■ **Material provided**
----------------------------------------

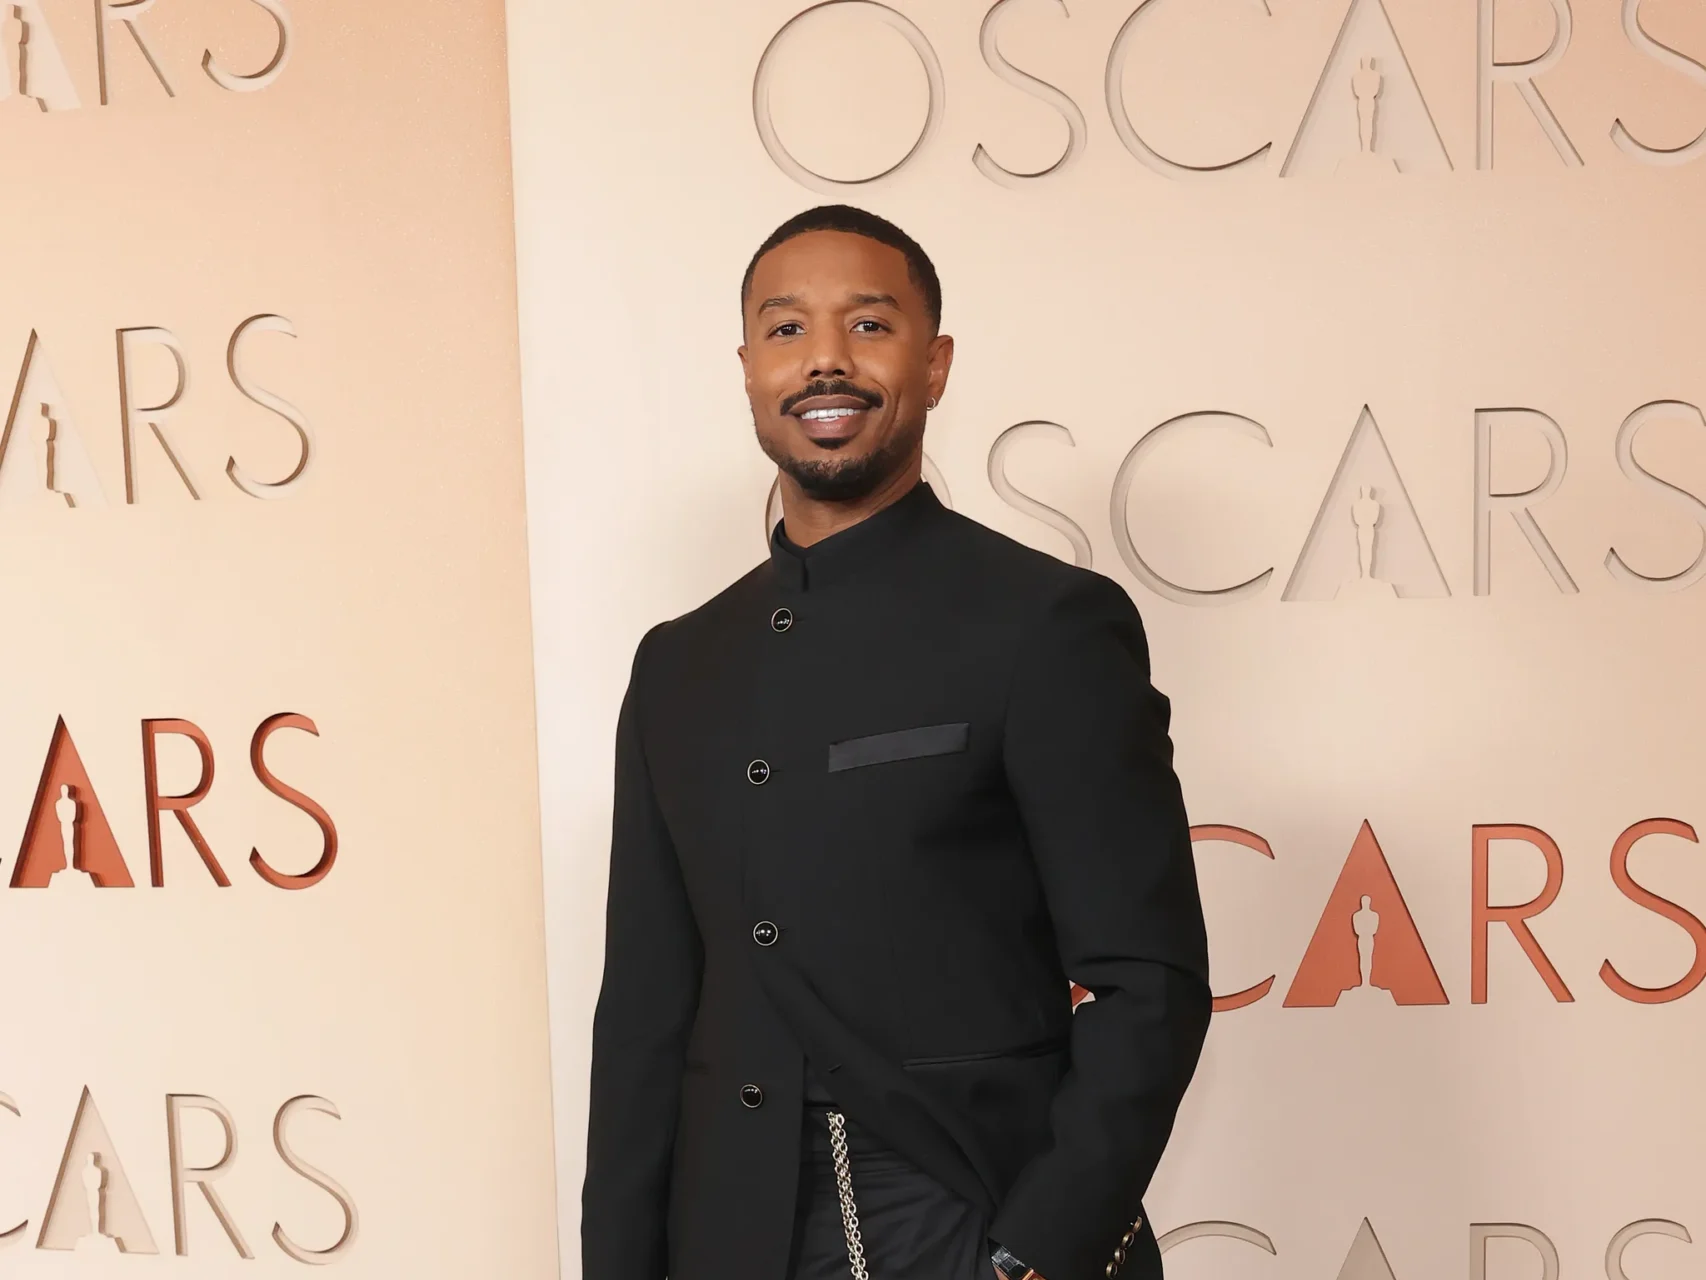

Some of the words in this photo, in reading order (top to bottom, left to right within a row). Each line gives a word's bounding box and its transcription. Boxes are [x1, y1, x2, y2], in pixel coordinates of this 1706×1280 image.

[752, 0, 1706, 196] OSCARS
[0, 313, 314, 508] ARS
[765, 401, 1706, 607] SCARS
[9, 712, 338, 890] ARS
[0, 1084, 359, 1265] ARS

----------------------------------------

■ **Instructions for the task**
All the records need to be set down word for word, with the images left out.

■ **Task solution**
Some of the words in this photo, in reading order (top to bottom, left to right within a row). Each line gives a word's bounding box and its transcription. Boxes are [x1, y1, x2, y2], in pixel coordinates of this 1706×1280 image.

[752, 0, 1706, 196] OSCARS
[0, 313, 314, 508] ARS
[765, 401, 1706, 607] SCARS
[9, 712, 338, 890] ARS
[0, 1084, 359, 1265] ARS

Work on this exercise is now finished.